##### Record set #####

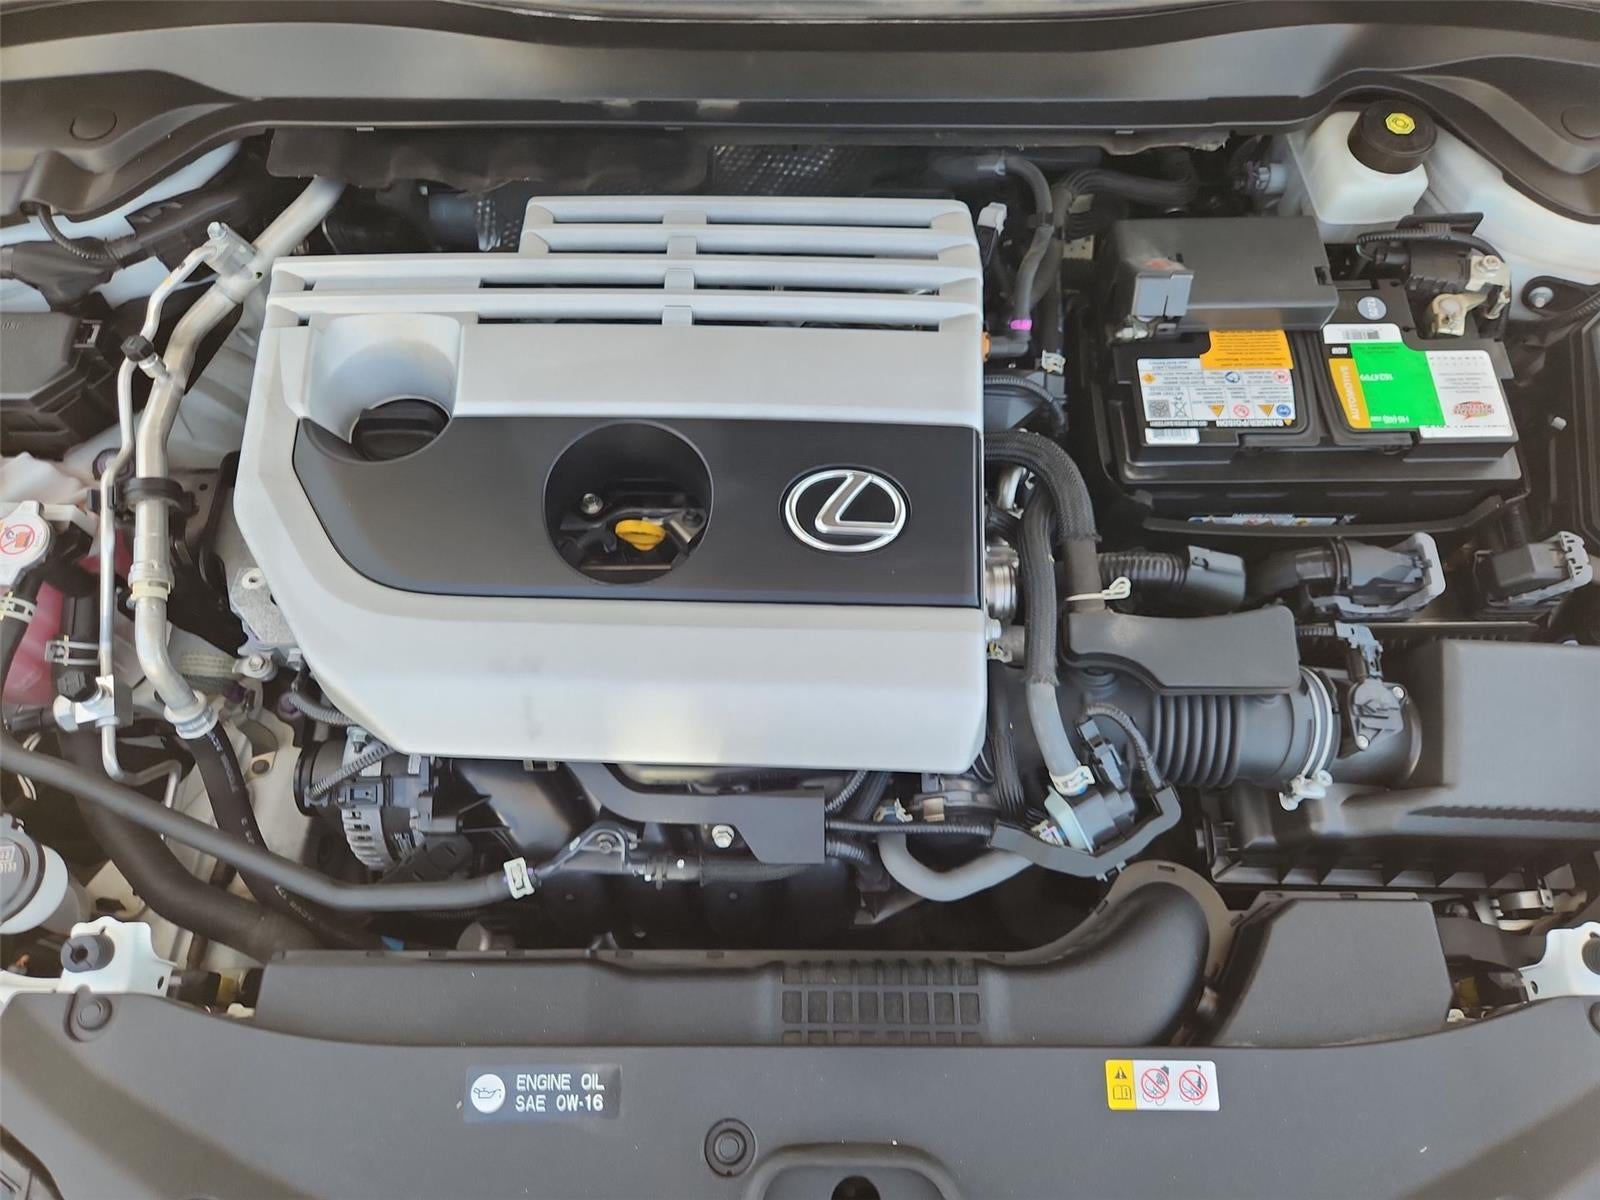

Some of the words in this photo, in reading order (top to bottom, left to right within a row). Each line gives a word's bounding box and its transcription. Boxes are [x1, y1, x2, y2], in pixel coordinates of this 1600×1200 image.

[516, 1073, 572, 1091] ENGINE
[581, 1073, 605, 1091] OIL
[515, 1095, 547, 1112] SAE
[556, 1094, 604, 1112] 0W-16

#####

**Problem statement:**
If pictures are present, they are dropped, and the entries above are written out word for word.

**Expected answer:**
Some of the words in this photo, in reading order (top to bottom, left to right within a row). Each line gives a word's bounding box and its transcription. Boxes are [x1, y1, x2, y2], in pixel coordinates of this 1600×1200 image.

[516, 1073, 572, 1091] ENGINE
[581, 1073, 605, 1091] OIL
[515, 1095, 547, 1112] SAE
[556, 1094, 604, 1112] 0W-16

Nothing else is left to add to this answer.